Segment Start: THE DATA
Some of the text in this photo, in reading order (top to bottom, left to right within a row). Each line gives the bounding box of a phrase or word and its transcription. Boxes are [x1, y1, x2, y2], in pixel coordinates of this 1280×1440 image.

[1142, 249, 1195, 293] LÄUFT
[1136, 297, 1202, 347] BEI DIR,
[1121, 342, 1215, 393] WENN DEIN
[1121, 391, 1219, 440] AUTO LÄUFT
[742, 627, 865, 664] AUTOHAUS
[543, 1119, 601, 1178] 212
Segment End: THE DATA
— WORK TASK —
In full and without changes, copy the entries above.

— TASK OUTPUT —
Some of the text in this photo, in reading order (top to bottom, left to right within a row). Each line gives the bounding box of a phrase or word and its transcription. Boxes are [x1, y1, x2, y2], in pixel coordinates of this 1280×1440 image.

[1142, 249, 1195, 293] LÄUFT
[1136, 297, 1202, 347] BEI DIR,
[1121, 342, 1215, 393] WENN DEIN
[1121, 391, 1219, 440] AUTO LÄUFT
[742, 627, 865, 664] AUTOHAUS
[543, 1119, 601, 1178] 212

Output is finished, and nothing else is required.